PS dang it, your brother in law…so rude… not talking to you, my sister’s in law husband is this way, not talking to my husband, literally ignoring, very minimal talking to me and we don’t even ever stay in their house. What’s wrong with people
My time with my other sister went well. I was happy about that. Her two adult daughters also came by and were very nice.

Something above got miscommunicated. My sister was annoyed with me coming on a one-way ticket. She said she thought I was trying to be a "free spirit" who just wants to live from moment to moment and just do what I feel like, as my passing whims happen to move me. That was nonsense. My visits have always been well planned. I don't just show up unexpected and hang around till I get thrown out. I do not impose on her unfairly. I never have.

She seemed annoyed that she didn't know exactly what I was going to do. I had good reasons for keeping my options open. Life is teaching me that I don't have to make myself perfectly predictable to others. Guests should do that as much as they reasonably can. Sometimes you have to allow for unknown variables.

I think there was more to this than my sister wanting so much to "plan things." She may have been under some kind of pressure from her husband. It has gotten pretty clear to me that my sister's husband would like it just fine, if none of her family ever came around. He has seen very little of me over the past 10 years. When I visited in 2023, it was the first time in 9 years that I saw them. I had not traveled anywhere for a very long time. I was busy caring for my sig. other, who was in deteriorating health. Then I did not travel during the years that COVID was at it's worse. So I haven't been in anyone's hair in ages.

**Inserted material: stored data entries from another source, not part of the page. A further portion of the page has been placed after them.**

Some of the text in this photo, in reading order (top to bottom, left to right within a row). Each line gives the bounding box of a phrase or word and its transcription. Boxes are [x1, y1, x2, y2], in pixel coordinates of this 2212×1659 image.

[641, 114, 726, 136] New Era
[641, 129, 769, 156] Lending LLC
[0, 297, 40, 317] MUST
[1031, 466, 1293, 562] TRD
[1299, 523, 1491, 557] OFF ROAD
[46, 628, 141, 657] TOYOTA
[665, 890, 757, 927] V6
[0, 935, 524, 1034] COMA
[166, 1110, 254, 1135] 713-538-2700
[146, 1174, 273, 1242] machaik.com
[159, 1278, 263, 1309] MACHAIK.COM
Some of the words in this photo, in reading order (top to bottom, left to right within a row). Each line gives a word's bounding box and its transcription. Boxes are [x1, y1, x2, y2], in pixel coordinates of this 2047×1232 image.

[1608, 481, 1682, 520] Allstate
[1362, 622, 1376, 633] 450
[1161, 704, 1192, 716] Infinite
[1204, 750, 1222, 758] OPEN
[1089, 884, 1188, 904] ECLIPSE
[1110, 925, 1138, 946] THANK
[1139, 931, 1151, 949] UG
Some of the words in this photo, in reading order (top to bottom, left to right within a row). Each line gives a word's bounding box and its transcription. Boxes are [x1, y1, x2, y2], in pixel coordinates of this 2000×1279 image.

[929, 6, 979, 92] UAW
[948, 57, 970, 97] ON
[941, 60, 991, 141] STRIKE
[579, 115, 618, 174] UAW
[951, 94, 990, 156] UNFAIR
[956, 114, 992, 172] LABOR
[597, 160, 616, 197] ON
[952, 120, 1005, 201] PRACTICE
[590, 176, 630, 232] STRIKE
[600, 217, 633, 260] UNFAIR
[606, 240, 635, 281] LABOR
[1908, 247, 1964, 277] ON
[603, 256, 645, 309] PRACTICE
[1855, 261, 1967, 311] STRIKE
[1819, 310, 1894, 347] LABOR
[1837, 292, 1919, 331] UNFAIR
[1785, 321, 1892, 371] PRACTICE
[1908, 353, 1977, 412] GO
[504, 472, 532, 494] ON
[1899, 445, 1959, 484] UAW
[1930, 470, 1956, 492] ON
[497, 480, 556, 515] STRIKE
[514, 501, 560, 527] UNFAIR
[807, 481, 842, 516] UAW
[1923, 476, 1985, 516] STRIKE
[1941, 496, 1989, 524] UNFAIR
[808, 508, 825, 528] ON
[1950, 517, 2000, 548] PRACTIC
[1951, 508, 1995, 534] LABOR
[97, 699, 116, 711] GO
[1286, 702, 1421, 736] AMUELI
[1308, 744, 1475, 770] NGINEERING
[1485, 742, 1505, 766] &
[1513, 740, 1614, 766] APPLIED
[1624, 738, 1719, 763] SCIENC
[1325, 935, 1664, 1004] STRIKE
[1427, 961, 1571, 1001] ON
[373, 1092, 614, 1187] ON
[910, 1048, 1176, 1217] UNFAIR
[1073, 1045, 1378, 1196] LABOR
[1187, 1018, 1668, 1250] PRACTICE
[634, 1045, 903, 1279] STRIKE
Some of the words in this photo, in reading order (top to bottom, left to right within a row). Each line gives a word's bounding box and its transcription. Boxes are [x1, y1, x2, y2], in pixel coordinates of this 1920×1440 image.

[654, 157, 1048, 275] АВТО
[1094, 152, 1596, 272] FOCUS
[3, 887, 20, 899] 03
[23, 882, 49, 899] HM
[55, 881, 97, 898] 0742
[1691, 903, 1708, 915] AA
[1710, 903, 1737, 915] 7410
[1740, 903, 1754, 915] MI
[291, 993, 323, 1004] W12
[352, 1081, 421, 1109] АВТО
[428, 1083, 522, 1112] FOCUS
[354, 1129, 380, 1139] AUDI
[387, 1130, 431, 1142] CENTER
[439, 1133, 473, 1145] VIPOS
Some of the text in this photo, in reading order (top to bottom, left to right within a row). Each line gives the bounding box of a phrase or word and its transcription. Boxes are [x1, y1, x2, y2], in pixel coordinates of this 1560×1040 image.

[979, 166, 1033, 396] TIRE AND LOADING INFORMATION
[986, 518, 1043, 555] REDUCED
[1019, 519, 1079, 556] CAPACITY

My brother dying was unexpected. None of us saw this on the horizon as something to be ready for this year. My brother left nothing behind. No money. No will. Nothing. I think my sisters and I cooperated in making reasonable arrangements for laying him to rest with love and respect. It was hardest for me because I had to travel a very long way. The arrangements I suggested made things pretty smooth for them. They liked what I had suggested and gone on to arrange. I did not know what I was walking into. My other sister drinks and can be a problem, when she does. I didn't want to be there very long, if that happened. It turned out that she was fine.

These two sisters of mine live about 150 miles apart. I'm just learning that they have virtually nothing to do with each other. It stunned me to learn that they had not seen each other, since I visited in 2023. It would have been kinda nice, if the two of them could have done a little joint planning. Then everything wouldn't have been so up in the air, when I got there. But no. They each had no idea what the other wanted to do. It seemed it was up to me to coordinate what they were doing. I thought there might be a joint family dinner at one of their houses, but neither of them was suggesting that. I'm getting the impression that they don't visit each other. They don't stay at each other's homes. It's so cold and unlike how our family used to be.

Since losing my boyfriend, I've had to cope with grief and loneliness. Sometimes I cope pretty well, and sometimes I don't, as my threads/posts bear witness to my ups and downs. I don't bother my sisters. I learned long ago that singing the blues is no way to make anyone fond of you. So I don't burden my family. Maybe I should better say "my relatives." They each have their families.

I see my place in their lives has changed greatly. I have to accept that and adapt. Right now I feel awful bad.

I've become so depressed. I need help.